Well yes – from time to time it’s a good idea to clean the muck off the sensor of your camera/s, and as the Circus Festival starts in 5 days time….I thought it best to be prepared.

I prefer the « wet » method of sensor cleaning – a couple of drops of cleaning fluid on the swab and a couple of gentle passes on the sensor.

The best way to check if the cleaning has got rid of all the muck is to take a photograph with your widest wide angle lens – in my case, I used my 14mm, stopped down to it’s minimum – f/22. Take a photo of the sky or a bright, even surface – much easier to see the blobs of muck. Using the minimum aperture means that the natural ‘diffraction’ which occurs at very small apertures will mean that the dust spots really stand out.

This is an example before the cleaning process. The dark spots are tiny pieces of dust. It saves a lot of post treatment to remove this rubbish before making pictures! (Click on the image to enlarge it)

Contrast 101

Here’s a example of how a little « treatment » can enhance an image. Some people would throw up their arms in horror and say stupid things like « This never happened before Photoshop » etc.

Of course it did – for more than 80 years there have been a whole series of different contrast printing papers that photographers put to good use in their darkrooms. With the advent of colour photography, home printing became more complex, but « adjustments » were always made, to increase or decrease colour temperature, take out dust etc. To say we have never « treated » images before Photoshop is a fallacy. Click on all the images below to enlarge them.

This is the final « treated » image

To get there, we started with this…

…which has had no colour or exposure adjustments – just simple noise reduction and lens correction.

I applied a few very simple adjustments to get this…

…which isn’t too bad, but I felt it needed a little more contrast…and I also added a « vignette » to loose the hard edges…which became the final version.

I also created a black & white version, just for fun, as high contrast black & whites are a favourite of mine…

It’s ok – but I think I prefer the final colour version – I fully realize that I’m in a minority of one, and probably the only person who likes this – I just thought it showed a very simple approach to creating a more interesting image.

But don’t forget – the original image needs to be correctly exposed in the first place. The people who blindly fire off their cameras all over the place, not taking any account of the exposures, are basically wasting their time – when they download the initial images they will have to spend a considerable time trying to get them back, more or less, to a « correct » exposure (but isn’t really) and then even more time and effort to fine-tune the image to make it worth looking at, which more often than not, it isn’t.

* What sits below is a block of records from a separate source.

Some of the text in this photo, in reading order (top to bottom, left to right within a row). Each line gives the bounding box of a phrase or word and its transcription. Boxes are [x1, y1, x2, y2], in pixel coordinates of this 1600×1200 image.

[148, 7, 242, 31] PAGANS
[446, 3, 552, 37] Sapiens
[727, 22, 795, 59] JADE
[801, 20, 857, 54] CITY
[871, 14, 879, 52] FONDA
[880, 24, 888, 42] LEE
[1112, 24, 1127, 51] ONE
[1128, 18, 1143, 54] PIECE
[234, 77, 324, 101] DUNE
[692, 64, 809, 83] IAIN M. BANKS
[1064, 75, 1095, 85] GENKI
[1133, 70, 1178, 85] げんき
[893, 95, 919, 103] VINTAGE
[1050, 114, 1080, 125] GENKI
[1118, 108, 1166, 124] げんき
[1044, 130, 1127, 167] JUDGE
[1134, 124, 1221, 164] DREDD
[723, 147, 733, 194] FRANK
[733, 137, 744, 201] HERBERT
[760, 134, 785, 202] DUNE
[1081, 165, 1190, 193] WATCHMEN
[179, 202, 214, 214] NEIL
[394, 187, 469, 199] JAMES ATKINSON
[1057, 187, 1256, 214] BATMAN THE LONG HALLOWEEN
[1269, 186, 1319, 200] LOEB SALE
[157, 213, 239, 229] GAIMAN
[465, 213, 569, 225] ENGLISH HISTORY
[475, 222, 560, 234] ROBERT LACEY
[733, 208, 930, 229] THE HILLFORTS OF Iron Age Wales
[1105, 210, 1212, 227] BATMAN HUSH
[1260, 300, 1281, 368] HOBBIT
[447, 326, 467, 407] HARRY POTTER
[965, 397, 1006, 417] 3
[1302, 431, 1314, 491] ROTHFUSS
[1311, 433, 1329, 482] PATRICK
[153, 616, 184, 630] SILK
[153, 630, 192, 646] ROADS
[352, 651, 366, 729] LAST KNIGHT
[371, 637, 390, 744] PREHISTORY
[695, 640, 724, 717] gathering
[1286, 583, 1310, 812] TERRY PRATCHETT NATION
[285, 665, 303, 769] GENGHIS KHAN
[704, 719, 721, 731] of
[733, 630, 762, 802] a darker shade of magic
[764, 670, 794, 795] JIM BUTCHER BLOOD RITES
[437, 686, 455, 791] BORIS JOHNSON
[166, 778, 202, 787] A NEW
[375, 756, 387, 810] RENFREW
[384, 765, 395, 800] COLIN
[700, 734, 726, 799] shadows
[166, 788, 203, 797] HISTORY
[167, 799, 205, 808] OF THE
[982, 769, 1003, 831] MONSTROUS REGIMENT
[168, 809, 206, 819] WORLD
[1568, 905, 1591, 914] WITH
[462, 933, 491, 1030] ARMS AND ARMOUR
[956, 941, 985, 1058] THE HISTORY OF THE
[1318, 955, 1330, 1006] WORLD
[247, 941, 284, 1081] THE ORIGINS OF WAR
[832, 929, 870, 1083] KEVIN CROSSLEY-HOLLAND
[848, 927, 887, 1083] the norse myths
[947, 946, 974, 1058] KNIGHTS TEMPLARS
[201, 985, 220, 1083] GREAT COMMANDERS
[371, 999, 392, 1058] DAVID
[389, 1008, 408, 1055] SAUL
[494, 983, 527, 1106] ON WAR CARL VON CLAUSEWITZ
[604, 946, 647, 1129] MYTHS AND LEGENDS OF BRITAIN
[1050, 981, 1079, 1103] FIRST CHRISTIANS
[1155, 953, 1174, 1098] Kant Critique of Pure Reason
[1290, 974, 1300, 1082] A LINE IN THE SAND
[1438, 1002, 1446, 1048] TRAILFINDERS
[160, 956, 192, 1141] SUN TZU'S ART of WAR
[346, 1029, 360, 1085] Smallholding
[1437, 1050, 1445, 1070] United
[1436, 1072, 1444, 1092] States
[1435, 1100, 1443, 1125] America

Getting it right in the camera is primordial – with a good base, you can pretty much do whatever you want.

National Daughters Day – wtf?

I can’t believe I missed this – and I feel sure my daughters will never let me forget it – but I seem to have let National Daughters Day * pass without sendind a card…

Please excuse me – in my defense, I had no idea that there was a National Daughters Day…

I’m Googling « National Left Thumb Day » and « National Clean Underpants Day » to check the dates – best to keep ahead.

Can’t help thinking that « National Blue Sock Day » could be fun…

* It was on the 25th of September

 

Sometimes I wonder…

Sometimes I wonder if these idiots do these things on purpose. I mean, they can’t really be this stupid, can they?

Recent in a long line of #stupidquotes, here’s Mary Carryonbag, otherwise known as Pariah Carey, I’m sorry, Maria Carey:

« Whenever I watch TV and see those poor starving kids all over the world, I can’t help but cry…I mean I’d love to be skinny like that, but not with all those flies and death and stuff. »

And of course we can’t forget Ronald Bump:

Talking about John McCain, « He’s not a war hero. He’s a war hero because he was captured. I like people that weren’t captured, OK, I hate to tell you. »

And surprisingly for Al Gore;

« A zebra does not change its spots. »

It seems to me that there’s an inverse correlation between the dollars in ones bank account and the neurones in ones brain.

 

The holidays are over

Yes, we’re back in Auch.

Visa was, as usual, superbe – the Kevin Frayer exhibition was, to us at least, the best offering this year. Remember this?

Camp de réfugiés de Balukhali, Cox’s Bazar, Bangladesh, 20 septembre 2017. Un garçon rohingya désespéré s’accroche au camion d’une ONG locale qui distribue des colis alimentaires d’urgence aux réfugiés récemment arrivés.
Balukhali refugee camp, Cox’s Bazar, Bangladesh, September 20, 2017. A desperate Rohingya boy clambering onto the truck of a local NGO distributing urgent food supplies to newly arrived refugees.
© Kevin Frayer / Getty Images

Kevins exhibition was in the Eglise des Dominicains in Perpignan, where we had seen Don McCullin’s exhibition a few years ago – magnificent background to truly exceptional photographs.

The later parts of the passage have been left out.